Infrared surveillance of crater lakes using satellite data

Abstract Under optimum circumstances, thermal infrared data recorded from satellites can measure water surface temperatures to accuracies of a few tenths of a degree Celsius. Such techniques are applied here to evaluate volcanic crater lake temperatures. At present, band 6 of the Landsat Thematic Mapper (TM) is the most pertinent sensor in this respect, although its nominal 120 × 120 m “footprint” only permits useful measurements of circular lakes exceeding 340 m in diameter. In addition, the radiative properties of the atmosphere between sensor and target at the instant of observation should be well-characterised in order to make confident measurements of surface temperatures with single-band infrared data.
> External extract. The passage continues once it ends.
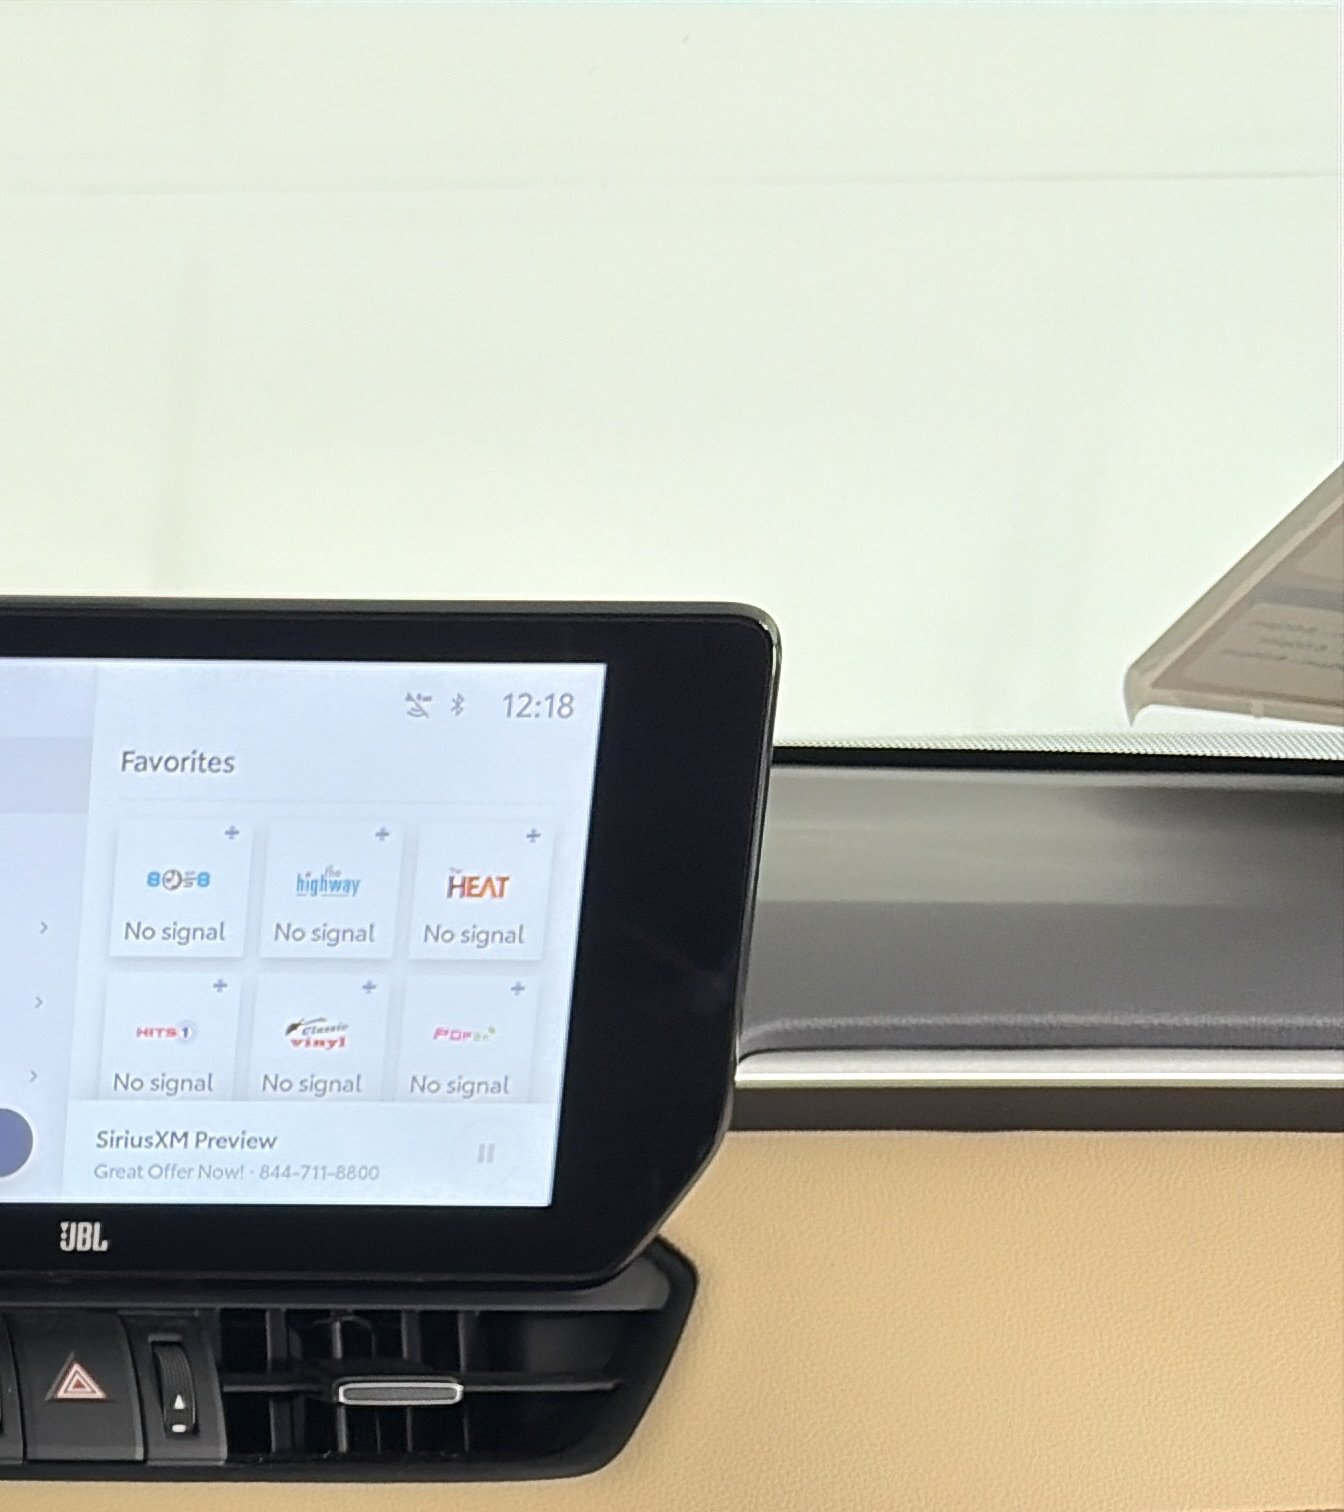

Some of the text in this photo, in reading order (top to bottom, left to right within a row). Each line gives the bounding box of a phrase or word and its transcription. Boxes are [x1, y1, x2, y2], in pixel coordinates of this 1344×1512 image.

An analysis is presented of three TM band-6 images of the crater lake at Poas volcano, Costa Rica, recorded on February 6, 1986, March 13, 1987, and May 10, 1988. In the February 1986 scene, the band-6-derived water surface temperature is 36°C which is 3°C less than a field measurement made in the same month. Since the satellite measurement was integrated over some 14,400 m 2 of the lake surface, while the field measurement was obtained at a single point below the surface, the former may be more representative of surface heat losses. Subsequent TM data reveal an increasing discrepancy between contemporaneous field and satellite observations, probably because the lake diameter had decreased to 250 m by March 1987, and to less than 200 m by mid-1988, greatly reducing the likelihood of obtaining a pure “lake” pixel. The Advanced Spaceborne Thermal Emission and Reflection Radiometer (ASTER) which is earmarked for orbit on the first of NASA's Earth Observing System satellite platforms later this decade has five discrete spectral bands in the thermal infrared region and will produce data composed of 90 × 90 m pixels. These specifications could enable the determination of water surface temperatures of > 250 m diameter crater lakes by algorithms that implicitly account for atmospheric effects.